Essas foram as principais conquistas do movimento LGBTI+, no Brasil, nos últimos 40 anos:

  • 1985: O Brasil foi um dos pioneiros em retirar a homossexualidade do rol de doenças. A OMS só tomou essa decisão em 1990 e, para a transexualidade, só em 2019.
  • 1995: Primeira parada LGBTI+ no RJ, e, em 1997, em SP.
  • 2008: Direito à cirurgia de redesignação sexual pelo SUS para mulheres trans, e, em 2013, para homens trans.
  • 2011: União civil para pessoas do mesmo gênero.
  • 2013: Reconhecimento do casamento civil.
  • 2015: Reconhecimento do direito à adoção sem restrição de idade e gênero.
  • 2017: Direito à mudança de nome civil e social sem necessidade de cirurgia.
  • 2019: Criminalização da homofobia e da transfobia.
  • 2020: Fim da proibição à doação de sangue por homens gays, bissexuais, mulheres trans e travestis.
  • 2023: STF determina que atos de homofobia e transfobia contra pessoas sejam punidos como injúria racial.

Essa linha do tempo nos ajuda a ver que houve avanços e conquistas, mas, em relação às pessoas LGBTI+, principalmente às mulheres lésbicas, o que prevalece ainda é a ausência de direitos básicos.

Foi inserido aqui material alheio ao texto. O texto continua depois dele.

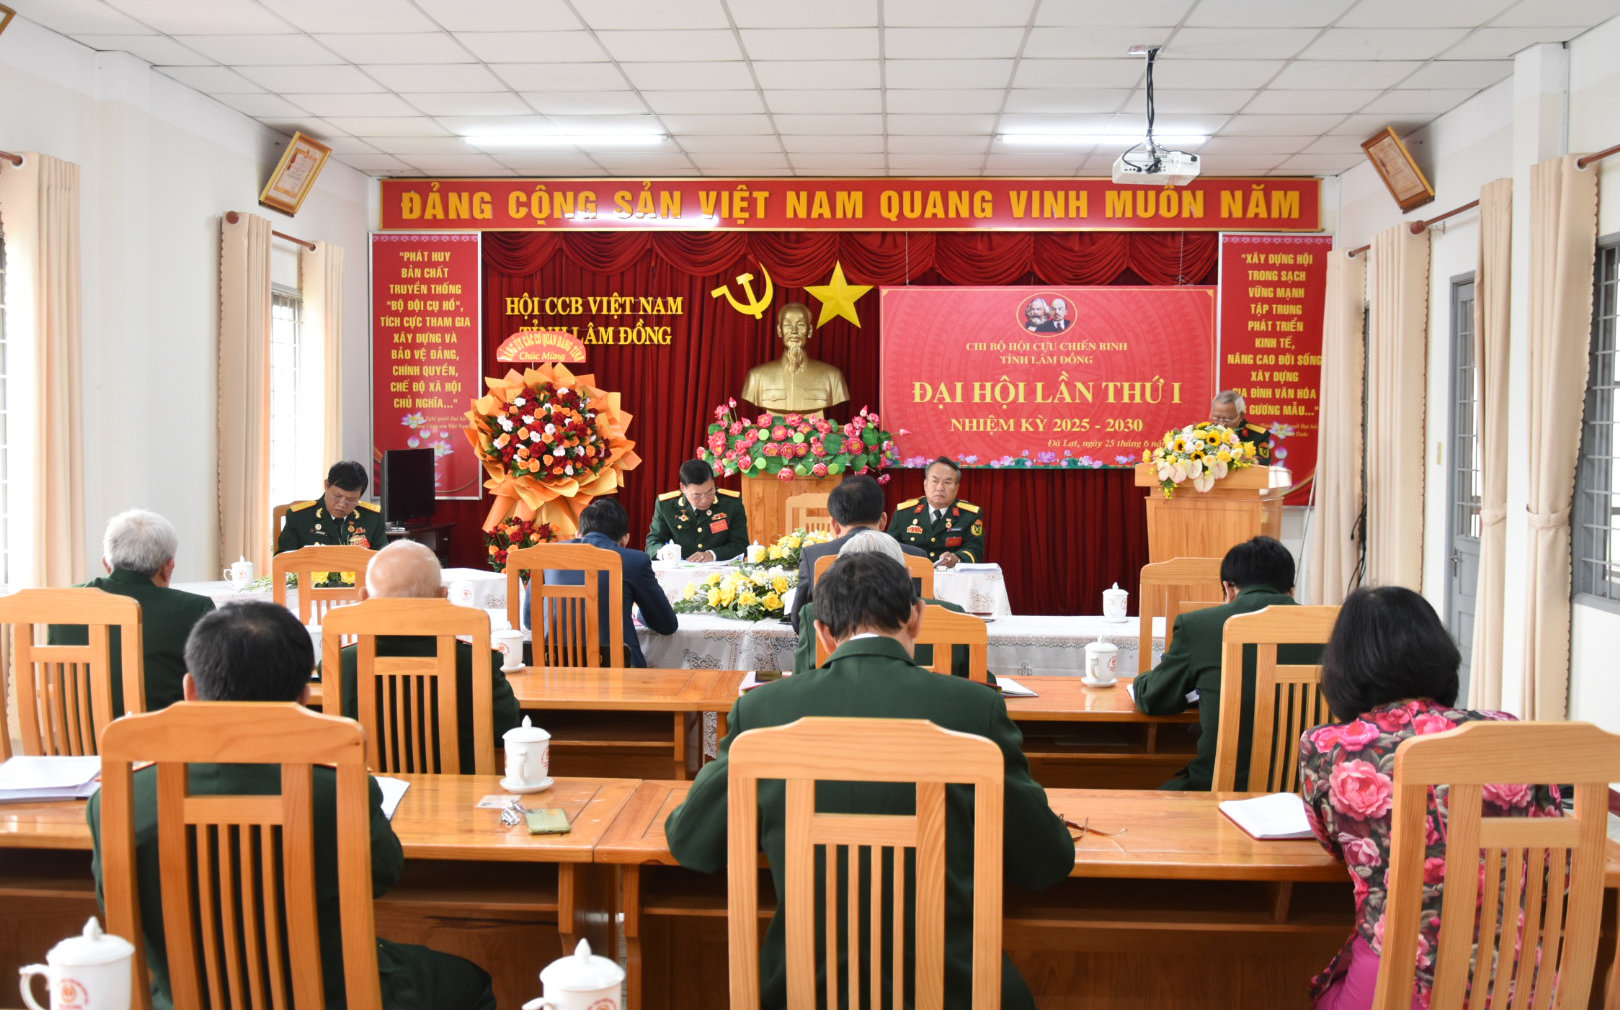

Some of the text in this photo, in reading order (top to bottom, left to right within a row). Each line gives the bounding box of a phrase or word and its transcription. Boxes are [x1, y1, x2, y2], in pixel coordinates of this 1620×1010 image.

[401, 181, 1300, 225] ĐẢNG CỘNG SẢN VIỆT NAM QUANG VINH MUÔN NĂM
[432, 251, 451, 262] HUY
[1269, 252, 1294, 267] DỰNG
[1297, 252, 1313, 267] HỘI
[401, 265, 449, 278] BẢN CHẤT
[1248, 270, 1306, 284] TRONG SẠCH
[389, 281, 462, 295] TRUYỀN THỐNG
[1248, 285, 1305, 301] VỮNG MẠNH
[407, 299, 424, 313] ĐỘI
[426, 301, 440, 313] CỤ
[506, 292, 684, 319] HỘI CCB VIỆT NAM
[1250, 302, 1302, 317] TẬP TRUNG
[380, 315, 471, 329] TÍCH CỰC THAM GIA
[1248, 316, 1304, 332] PHÁT TRIỂN
[393, 331, 458, 346] XÂY DỰNG VÀ
[573, 322, 614, 345] LÂM
[619, 319, 671, 345] ĐỒNG
[966, 339, 1128, 353] CHI BỘ HỘI CỰU CHIẾN BINH
[1255, 335, 1295, 350] KINH TẾ,
[391, 347, 460, 361] BẢO VỆ ĐẢNG,
[1000, 352, 1094, 364] TỈNH LÂM ĐỒNG
[1228, 352, 1254, 364] NÂNG
[1256, 354, 1275, 365] CAO
[1278, 352, 1295, 365] ĐỜI
[393, 362, 459, 377] CHÍNH QUYỀN,
[1251, 369, 1299, 384] XÂY DỰNG
[390, 379, 462, 394] CHẾ ĐỘ XÃ HỘI
[912, 371, 1182, 409] ĐẠI HỘI LẦN THỨ I
[1251, 387, 1272, 399] ĐÌNH
[1274, 387, 1295, 399] VĂN
[1297, 387, 1317, 399] HÓA
[394, 395, 412, 408] CHỦ
[1249, 403, 1280, 415] GƯƠNG
[950, 414, 1014, 436] NHIỆM
[1020, 414, 1047, 432] KỲ
[1053, 418, 1091, 432] 2025
[1105, 418, 1143, 432] 2030
[1048, 439, 1061, 448] Đà
[1062, 439, 1080, 449] Lạt,
[1082, 440, 1103, 450] ngày
[1105, 439, 1115, 447] 25
[1117, 439, 1142, 449] tháng
[1144, 439, 1149, 447] 6

Muitos deles vieram muito tarde ou ainda nem vieram.

Outro ponto importante é que a maior parte dessas conquistas foram feitas por decisões do Supremo Tribunal Federal (STF), ou seja, ainda não estão escritas em pedra, já que não foram para a Constituição Brasileira. Elas são uma garantia e devem ser respeitadas, mas enquanto não virarem leis, as suas bases são frágeis.

Por isso, ainda é importante que exista um Mês da Visibilidade Lésbica. Mas que a gente saiba que a luta pela equidade precisa continuar acontecendo em todos os outros dias do ano. Como diriam os panfletos distribuídos no Ferro’s Bar: “Faz de conta até quando?”.